- [EXTRACTED MATERIAL]
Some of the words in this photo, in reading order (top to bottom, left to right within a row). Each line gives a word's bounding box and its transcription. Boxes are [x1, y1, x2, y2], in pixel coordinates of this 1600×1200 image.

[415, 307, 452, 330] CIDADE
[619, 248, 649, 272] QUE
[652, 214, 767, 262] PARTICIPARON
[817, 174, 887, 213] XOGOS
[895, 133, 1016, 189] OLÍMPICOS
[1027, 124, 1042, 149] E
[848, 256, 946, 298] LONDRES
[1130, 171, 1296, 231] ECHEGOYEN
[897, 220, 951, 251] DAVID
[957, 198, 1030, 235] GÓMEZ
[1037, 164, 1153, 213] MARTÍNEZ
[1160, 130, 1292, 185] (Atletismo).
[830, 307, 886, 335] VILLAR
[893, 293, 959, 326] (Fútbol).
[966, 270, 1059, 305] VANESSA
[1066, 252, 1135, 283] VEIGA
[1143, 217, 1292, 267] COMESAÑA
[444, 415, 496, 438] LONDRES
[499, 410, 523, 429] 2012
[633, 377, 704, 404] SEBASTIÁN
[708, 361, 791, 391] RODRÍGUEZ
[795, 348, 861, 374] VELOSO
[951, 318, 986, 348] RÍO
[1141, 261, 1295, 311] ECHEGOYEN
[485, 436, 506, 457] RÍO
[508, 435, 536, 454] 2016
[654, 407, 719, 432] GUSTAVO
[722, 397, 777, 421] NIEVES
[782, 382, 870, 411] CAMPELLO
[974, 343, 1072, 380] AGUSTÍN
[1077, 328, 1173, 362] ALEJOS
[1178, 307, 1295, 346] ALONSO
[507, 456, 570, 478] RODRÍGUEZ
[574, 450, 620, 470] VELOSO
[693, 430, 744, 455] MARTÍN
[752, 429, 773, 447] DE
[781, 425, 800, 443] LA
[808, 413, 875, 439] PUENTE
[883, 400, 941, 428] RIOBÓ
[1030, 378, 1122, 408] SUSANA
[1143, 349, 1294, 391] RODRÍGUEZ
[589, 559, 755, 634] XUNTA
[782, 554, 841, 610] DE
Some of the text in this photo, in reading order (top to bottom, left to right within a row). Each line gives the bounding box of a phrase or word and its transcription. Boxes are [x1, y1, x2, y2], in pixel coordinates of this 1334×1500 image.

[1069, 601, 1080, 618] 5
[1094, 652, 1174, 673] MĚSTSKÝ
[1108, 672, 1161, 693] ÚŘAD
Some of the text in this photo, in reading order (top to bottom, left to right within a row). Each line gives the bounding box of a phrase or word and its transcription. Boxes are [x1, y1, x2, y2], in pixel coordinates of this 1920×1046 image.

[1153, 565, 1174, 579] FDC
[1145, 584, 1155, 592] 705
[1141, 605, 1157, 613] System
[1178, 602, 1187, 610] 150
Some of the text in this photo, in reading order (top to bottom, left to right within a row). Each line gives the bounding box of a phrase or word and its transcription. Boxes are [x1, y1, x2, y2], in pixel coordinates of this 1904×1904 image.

- [WORK ITEM] Copy out every line of the data above, exactly as given.

- [THE COMPLETED TASK]
Some of the words in this photo, in reading order (top to bottom, left to right within a row). Each line gives a word's bounding box and its transcription. Boxes are [x1, y1, x2, y2], in pixel coordinates of this 1600×1200 image.

[415, 307, 452, 330] CIDADE
[619, 248, 649, 272] QUE
[652, 214, 767, 262] PARTICIPARON
[817, 174, 887, 213] XOGOS
[895, 133, 1016, 189] OLÍMPICOS
[1027, 124, 1042, 149] E
[848, 256, 946, 298] LONDRES
[1130, 171, 1296, 231] ECHEGOYEN
[897, 220, 951, 251] DAVID
[957, 198, 1030, 235] GÓMEZ
[1037, 164, 1153, 213] MARTÍNEZ
[1160, 130, 1292, 185] (Atletismo).
[830, 307, 886, 335] VILLAR
[893, 293, 959, 326] (Fútbol).
[966, 270, 1059, 305] VANESSA
[1066, 252, 1135, 283] VEIGA
[1143, 217, 1292, 267] COMESAÑA
[444, 415, 496, 438] LONDRES
[499, 410, 523, 429] 2012
[633, 377, 704, 404] SEBASTIÁN
[708, 361, 791, 391] RODRÍGUEZ
[795, 348, 861, 374] VELOSO
[951, 318, 986, 348] RÍO
[1141, 261, 1295, 311] ECHEGOYEN
[485, 436, 506, 457] RÍO
[508, 435, 536, 454] 2016
[654, 407, 719, 432] GUSTAVO
[722, 397, 777, 421] NIEVES
[782, 382, 870, 411] CAMPELLO
[974, 343, 1072, 380] AGUSTÍN
[1077, 328, 1173, 362] ALEJOS
[1178, 307, 1295, 346] ALONSO
[507, 456, 570, 478] RODRÍGUEZ
[574, 450, 620, 470] VELOSO
[693, 430, 744, 455] MARTÍN
[752, 429, 773, 447] DE
[781, 425, 800, 443] LA
[808, 413, 875, 439] PUENTE
[883, 400, 941, 428] RIOBÓ
[1030, 378, 1122, 408] SUSANA
[1143, 349, 1294, 391] RODRÍGUEZ
[589, 559, 755, 634] XUNTA
[782, 554, 841, 610] DE
Some of the text in this photo, in reading order (top to bottom, left to right within a row). Each line gives the bounding box of a phrase or word and its transcription. Boxes are [x1, y1, x2, y2], in pixel coordinates of this 1334×1500 image.

[1069, 601, 1080, 618] 5
[1094, 652, 1174, 673] MĚSTSKÝ
[1108, 672, 1161, 693] ÚŘAD
Some of the text in this photo, in reading order (top to bottom, left to right within a row). Each line gives the bounding box of a phrase or word and its transcription. Boxes are [x1, y1, x2, y2], in pixel coordinates of this 1920×1046 image.

[1153, 565, 1174, 579] FDC
[1145, 584, 1155, 592] 705
[1141, 605, 1157, 613] System
[1178, 602, 1187, 610] 150
Some of the text in this photo, in reading order (top to bottom, left to right within a row). Each line gives the bounding box of a phrase or word and its transcription. Boxes are [x1, y1, x2, y2], in pixel coordinates of this 1904×1904 image.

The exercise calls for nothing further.